Interesting. Do you have any insight what is behind the CPU overhead?
Maybe the solution is to make WAL insertion cheap enough to not
matter. That won't be easy, but neither are the alternatives.

Funnily by far the biggest thing I have seen in benchmarks is the CRC32
computation. I plan to brush up my ~3 year old CRC32 reimplementation
patch sometime, but afair you had a much better one?

I have some doubts about weakening the hash function by also using FNV
or similar here, so I'd first like to try how much of a difference a
better CRC32 implementation can make with the current XLogInsert()
implementation.

Greetings,

Andres Freund

--
Andres Freund http://www.2ndQuadrant.com/
PostgreSQL Development, 24x7 Support, Training & Services

--
Sent via pgsql-hackers mailing list (pgsql-hackers@postgresql.org)
To make changes to your subscription:
http://www.postgresql.org/mailpref/pgsql-hackers

#2Ants Aasma
ants@cybertec.at
In reply to: Andres Freund (#1)
Re: WAL CPU overhead/optimization (was Master-slave visibility order)

On Fri, Aug 30, 2013 at 1:30 AM, Andres Freund <andres@2ndquadrant.com> wrote:

On 2013-08-30 01:10:40 +0300, Ants Aasma wrote:

On Fri, Aug 30, 2013 at 12:33 AM, Andres Freund <andres@2ndquadrant.com> wrote:

FWIW, WAL is still the major bottleneck for INSERT heavy workloads. The
per CPU overhead actually minimally increased (at least in my tests), it
just scales noticeably better than before.

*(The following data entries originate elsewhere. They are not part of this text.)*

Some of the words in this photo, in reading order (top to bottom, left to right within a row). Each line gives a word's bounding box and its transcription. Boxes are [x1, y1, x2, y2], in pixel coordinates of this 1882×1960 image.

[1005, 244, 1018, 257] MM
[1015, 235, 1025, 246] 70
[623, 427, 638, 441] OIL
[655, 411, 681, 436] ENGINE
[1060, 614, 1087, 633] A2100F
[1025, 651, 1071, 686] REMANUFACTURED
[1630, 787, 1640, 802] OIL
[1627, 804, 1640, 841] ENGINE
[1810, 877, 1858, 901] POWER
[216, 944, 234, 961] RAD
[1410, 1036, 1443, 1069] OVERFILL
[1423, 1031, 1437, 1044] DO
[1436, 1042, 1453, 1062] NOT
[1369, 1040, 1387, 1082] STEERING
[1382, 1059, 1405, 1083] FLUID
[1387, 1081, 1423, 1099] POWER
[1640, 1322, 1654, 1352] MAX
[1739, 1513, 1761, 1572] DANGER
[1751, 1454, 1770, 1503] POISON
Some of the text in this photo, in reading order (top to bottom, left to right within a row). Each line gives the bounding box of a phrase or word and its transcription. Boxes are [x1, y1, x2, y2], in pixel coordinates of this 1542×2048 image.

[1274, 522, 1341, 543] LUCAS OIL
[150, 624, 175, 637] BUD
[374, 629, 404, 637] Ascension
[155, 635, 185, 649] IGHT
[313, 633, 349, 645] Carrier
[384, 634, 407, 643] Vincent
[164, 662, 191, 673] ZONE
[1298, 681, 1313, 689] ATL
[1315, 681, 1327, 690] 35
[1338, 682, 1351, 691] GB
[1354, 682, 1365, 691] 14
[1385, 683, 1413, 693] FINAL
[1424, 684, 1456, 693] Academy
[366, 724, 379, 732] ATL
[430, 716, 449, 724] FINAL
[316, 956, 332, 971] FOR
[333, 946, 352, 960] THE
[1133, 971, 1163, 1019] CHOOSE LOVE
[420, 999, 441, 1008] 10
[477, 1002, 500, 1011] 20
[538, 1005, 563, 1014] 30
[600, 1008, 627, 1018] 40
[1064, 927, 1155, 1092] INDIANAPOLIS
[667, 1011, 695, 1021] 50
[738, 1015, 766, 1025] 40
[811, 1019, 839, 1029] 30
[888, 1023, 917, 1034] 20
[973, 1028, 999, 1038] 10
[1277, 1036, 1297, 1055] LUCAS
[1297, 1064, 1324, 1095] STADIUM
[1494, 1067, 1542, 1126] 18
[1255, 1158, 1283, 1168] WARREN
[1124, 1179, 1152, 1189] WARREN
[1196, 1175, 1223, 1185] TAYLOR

Interesting. Do you have any insight what is behind the CPU overhead?
Maybe the solution is to make WAL insertion cheap enough to not
matter. That won't be easy, but neither are the alternatives.

Funnily by far the biggest thing I have seen in benchmarks is the CRC32
computation. I plan to brush up my ~3 year old CRC32 reimplementation
patch sometime, but afair you had a much better one?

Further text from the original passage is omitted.